Deere’s 2Q19 Ag & Turf Sales Grow 3%
Deere & Co. reported its second quarter results this morning. Net income for the quarter was $1.14 billion, down 6% vs. the same period last year. Total net sales and revenues were up 6% to $11.3 billion, compared to $10.7 billion in the second quarter of 2018.
For the Ag & Turf division, worldwide net sales for the second quarter were up 3% to $7.3 billion. The company says Ag & Turf sales for the quarter and year to date increased due to higher shipment volumes and price realization, partially offset by the unfavorable effects of currency translation.

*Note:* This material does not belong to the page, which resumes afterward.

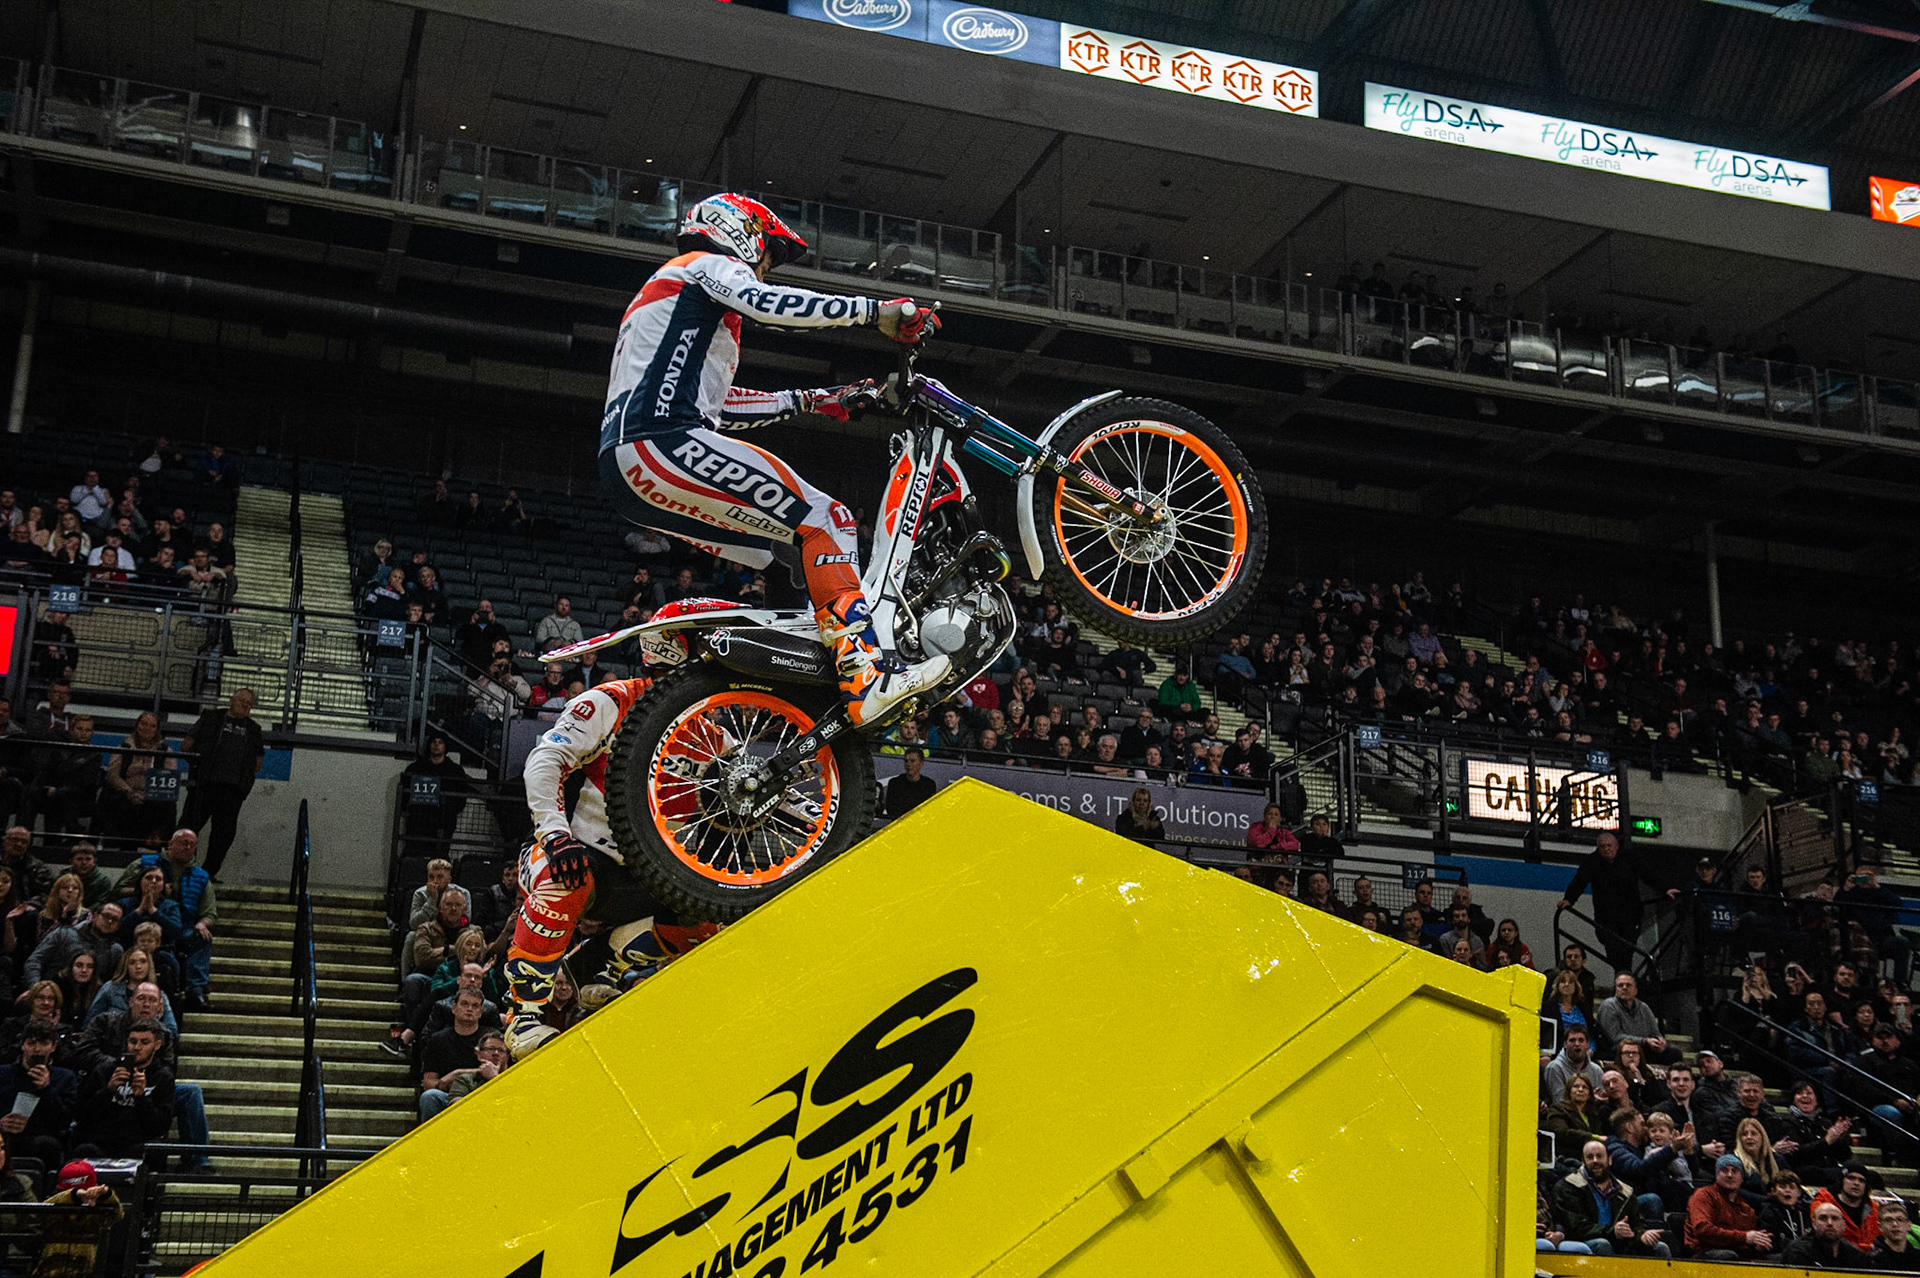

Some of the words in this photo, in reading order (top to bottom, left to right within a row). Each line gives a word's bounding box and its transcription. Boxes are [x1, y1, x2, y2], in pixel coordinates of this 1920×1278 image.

Deere’s forecast for 2019 is unchanged. Industry sales of agricultural equipment in the U.S. and Canada are forecast to be flat to up 5% for the full year, while industry sales in the EU28 member nations are forecast to be about flat. South American industry sales of tractors and combines are projected to be flat to up 5% benefiting from strength in Brazil. Asian sales are forecast to be flat to down slightly. Industry sales of turf and utility equipment in the U.S. and Canada are expected to be flat to up 5% for 2019.
Dealers On The Move
This week’s Dealers on the Move include Blanchard Equipment, Cazenovia Equipment, Premier Equipment, Ohio Machinery Co., Ellens Equipment and Prairieland Partners.
Blanchard Equipment, a John Deere dealer based in South Carolina, announced the relocation of its Clinton, S.C. dealership to Greenwood, S.C. in May.
John Deere dealer Cazenovia Equipment will be consolidating its Watertown and Sandy Creek, N.Y. locations into one 25,000 square foot retail and service center. This will bring Cazenovia’s number of branches down to 8.
Premier Equipment Co., a New Holland dealer based in North Carolina, recently purchased Hines Equipment. They bought the property back in February of this year, along with Enfield Tractor and Equipment.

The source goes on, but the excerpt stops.